> [Assignment] Starting at the line that contains "Some of the words", restate each line word for word through the final line of the data, keeping both ends.

Referring expression grounding data:
= = = = =
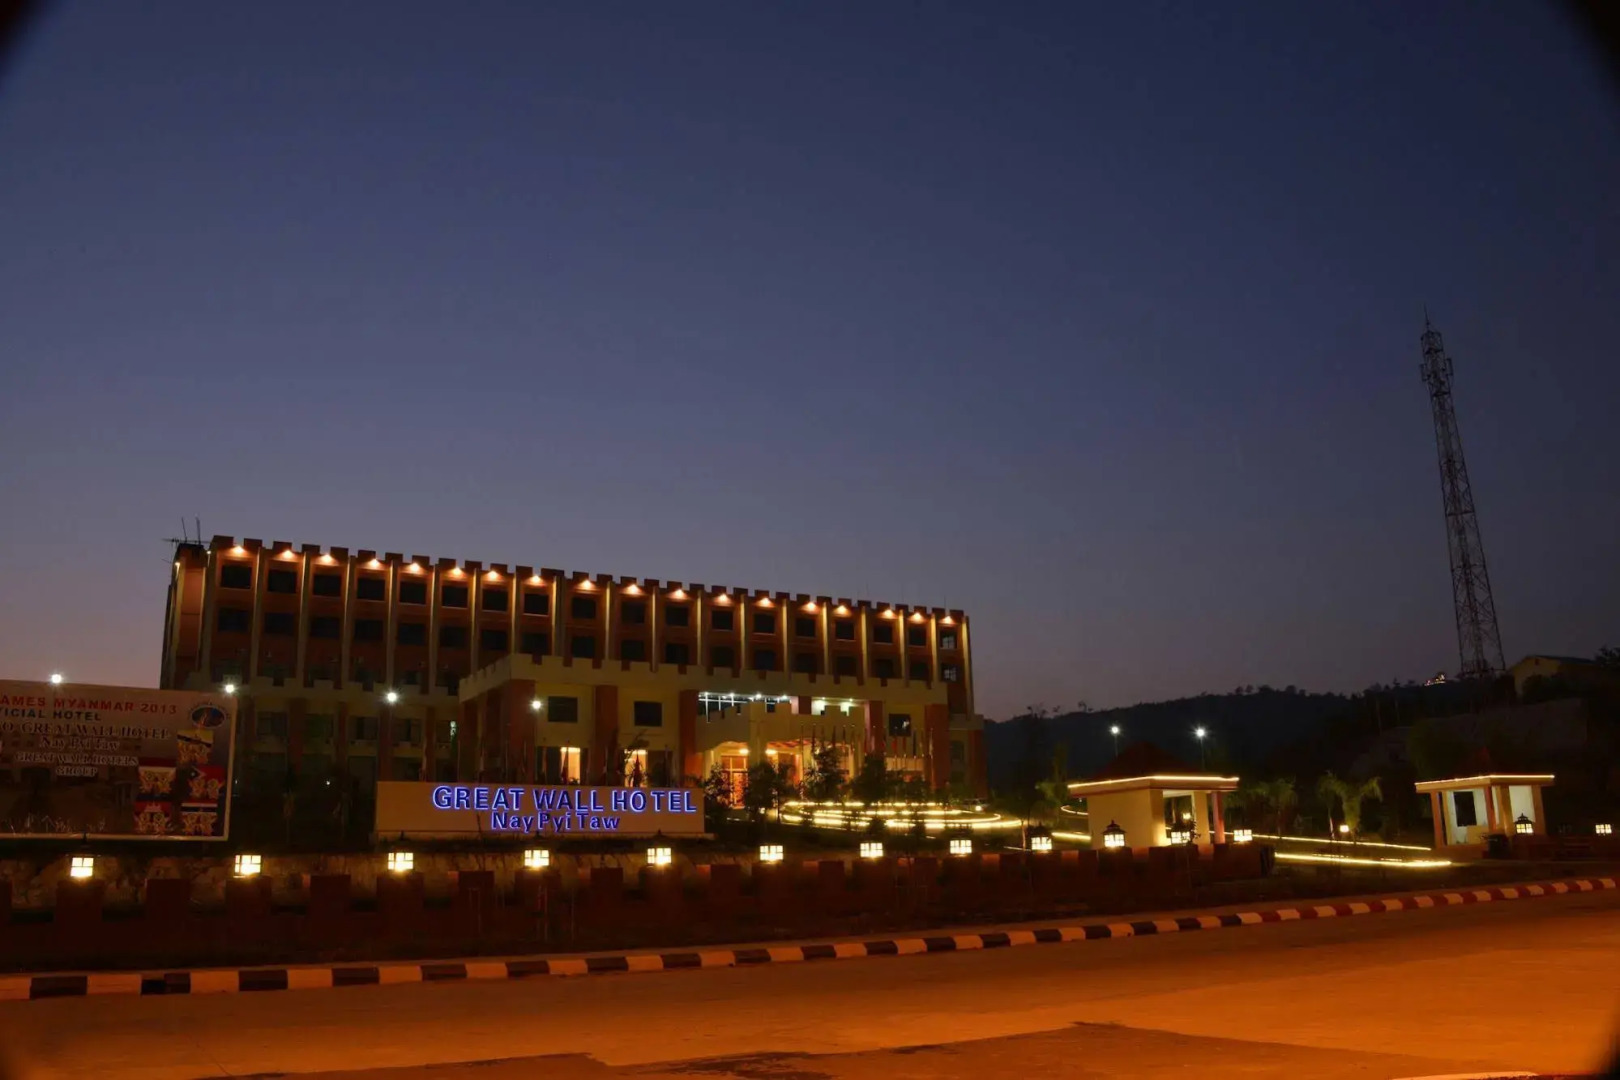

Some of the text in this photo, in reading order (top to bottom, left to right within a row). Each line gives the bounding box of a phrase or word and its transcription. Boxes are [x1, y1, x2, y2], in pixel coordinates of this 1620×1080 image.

[0, 707, 101, 721] ICIAL HOTEL
[54, 697, 134, 712] MYANMAR
[140, 703, 177, 715] 2013
[21, 722, 71, 736] GREAT
[76, 725, 117, 737] WALL
[121, 726, 169, 739] HOTEL
[15, 752, 54, 762] GREAT
[432, 785, 697, 812] GREAT WALL HOTEL
[491, 810, 534, 834] Nay
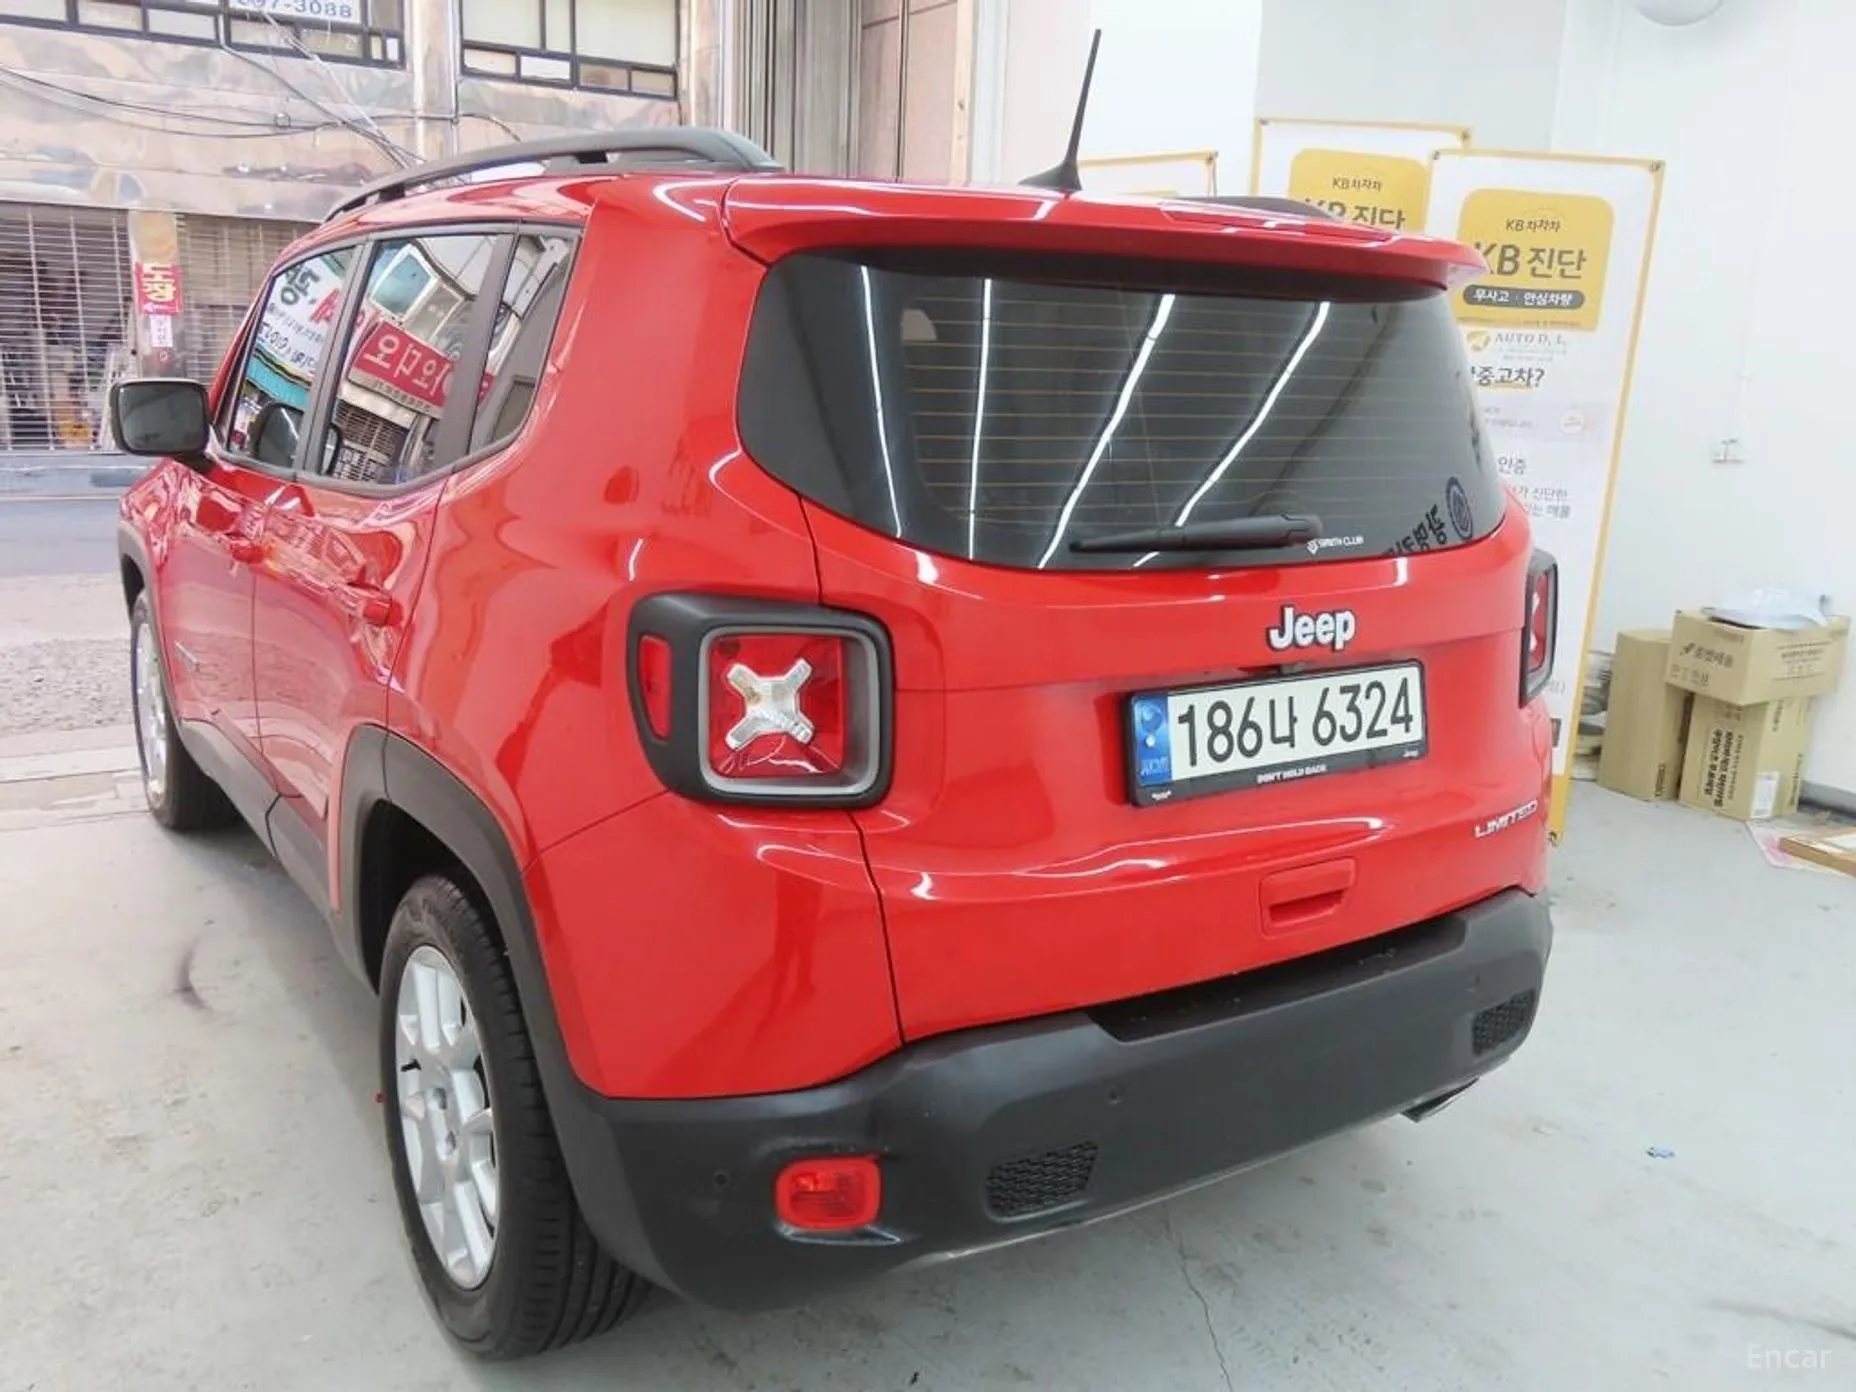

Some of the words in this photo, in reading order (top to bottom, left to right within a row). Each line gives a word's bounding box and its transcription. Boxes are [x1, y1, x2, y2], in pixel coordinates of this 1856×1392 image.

[1527, 247, 1587, 279] 진단
[1473, 288, 1510, 304] 무사고
[1267, 605, 1357, 651] Jeep
[1177, 695, 1298, 767] 186나
[1312, 677, 1414, 747] 6324
[1474, 799, 1539, 839] LIMITED
= = = = =
> [Solution to this problem]
Some of the words in this photo, in reading order (top to bottom, left to right within a row). Each line gives a word's bounding box and its transcription. Boxes are [x1, y1, x2, y2], in pixel coordinates of this 1856×1392 image.

[1527, 247, 1587, 279] 진단
[1473, 288, 1510, 304] 무사고
[1267, 605, 1357, 651] Jeep
[1177, 695, 1298, 767] 186나
[1312, 677, 1414, 747] 6324
[1474, 799, 1539, 839] LIMITED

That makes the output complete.